The company says it was because of restrictive contract language.

Raleigh, N.C. (AP) — North Carolina's largest insurer has cancelled family insurance policies sold to 20 gay and lesbian couples on a federal insurance marketplace because of restrictive contract language the company plans to remove next year.

Blue Cross and Blue Shield of North Carolina was legally bound to invalidate the policies because of standard language in the insurer's individual policies that define "spouse" as "opposite sex," state Insurance Department spokeswoman Kerry Hall said.

Gay-rights advocates point out the nonprofit insurer offers domestic partner benefits to its own employees, The News & Observer of Raleigh reported (http://bit.ly/LWea22). Blue Cross insurance plans offered by large North Carolina companies also include health benefits for employees and their same-sex partner.

"I was so taken aback by it; I was speechless," said Al Hinman, who moved with his husband to Durham from New York last year. "It was wrong, and it shouldn't have happened that way. For 24 years we've been on the same insurance with a few gaps."

The only other insurer selling subsidized coverage on North Carolina's federally run insurance marketplace is Coventry Health, which doesn't bar same-sex couples from buying a family policy, spokesman Walt Cherniak said.

There could be similar language buried in the small print of insurance contracts in other states, but North Carolina is the only one where cancellations of same-sex customers have surfaced, said Brian Moulton, legal director for Human Rights Campaign, a Washington, D.C.-based gay-rights organization.

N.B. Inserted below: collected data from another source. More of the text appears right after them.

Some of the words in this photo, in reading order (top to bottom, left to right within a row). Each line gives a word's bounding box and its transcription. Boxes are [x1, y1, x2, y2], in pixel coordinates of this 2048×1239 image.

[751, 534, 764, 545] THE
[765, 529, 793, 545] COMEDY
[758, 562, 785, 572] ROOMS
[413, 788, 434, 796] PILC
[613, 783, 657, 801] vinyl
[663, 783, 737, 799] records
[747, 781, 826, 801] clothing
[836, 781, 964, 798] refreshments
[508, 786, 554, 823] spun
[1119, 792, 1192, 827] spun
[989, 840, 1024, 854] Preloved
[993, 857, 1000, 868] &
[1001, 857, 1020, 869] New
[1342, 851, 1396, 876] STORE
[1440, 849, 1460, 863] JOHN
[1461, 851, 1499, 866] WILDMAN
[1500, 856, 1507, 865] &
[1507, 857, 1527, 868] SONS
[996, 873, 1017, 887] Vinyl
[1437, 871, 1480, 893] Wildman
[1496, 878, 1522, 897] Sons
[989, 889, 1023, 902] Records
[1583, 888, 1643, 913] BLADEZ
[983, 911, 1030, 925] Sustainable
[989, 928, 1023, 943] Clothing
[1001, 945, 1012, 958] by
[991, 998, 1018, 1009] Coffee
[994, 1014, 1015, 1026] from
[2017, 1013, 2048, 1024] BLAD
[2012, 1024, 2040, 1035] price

For most of the North Carolina couples hit by the cancellations, there is little or no cost to replacing a single family policy with separate, individual coverage. Hinman said the total premium for him and David Whitley, his husband of 4 years, dropped by about $68 a month by buying two policies.

But the incident underscores the many indignities that gay couples experience in states such as North Carolina that lack laws against discrimination based on sexual orientation, Moulton said.

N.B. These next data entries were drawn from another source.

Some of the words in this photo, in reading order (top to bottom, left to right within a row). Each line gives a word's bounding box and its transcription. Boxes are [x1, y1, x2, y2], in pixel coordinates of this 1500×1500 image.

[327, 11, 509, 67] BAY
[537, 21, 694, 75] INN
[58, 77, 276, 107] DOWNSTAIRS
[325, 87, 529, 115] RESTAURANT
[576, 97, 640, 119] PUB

Blue Cross has never offered domestic partner or same-sex health coverage on individual and small group policies in North Carolina, spokeswoman Michelle Douglas said. The insurer had intended to update its plans to include those offerings, but postponed making the change in terminology as the company scrambled to get ready for what turned out to be a rocky rollout of subsidized insurance under the Affordable Care Act. The change would have affected billing, insurance cards and other calculations that required time for implementation and testing. Douglas said.

Blue Cross said it plans in 2015 to offer the same insurance options to same-sex married couples and couples in domestic partnerships as are offered to everyone else.

"We recognize and agree that the ability to purchase family coverage is important from a fairness standpoint," Douglas said.

___

Information from: The News & Observer.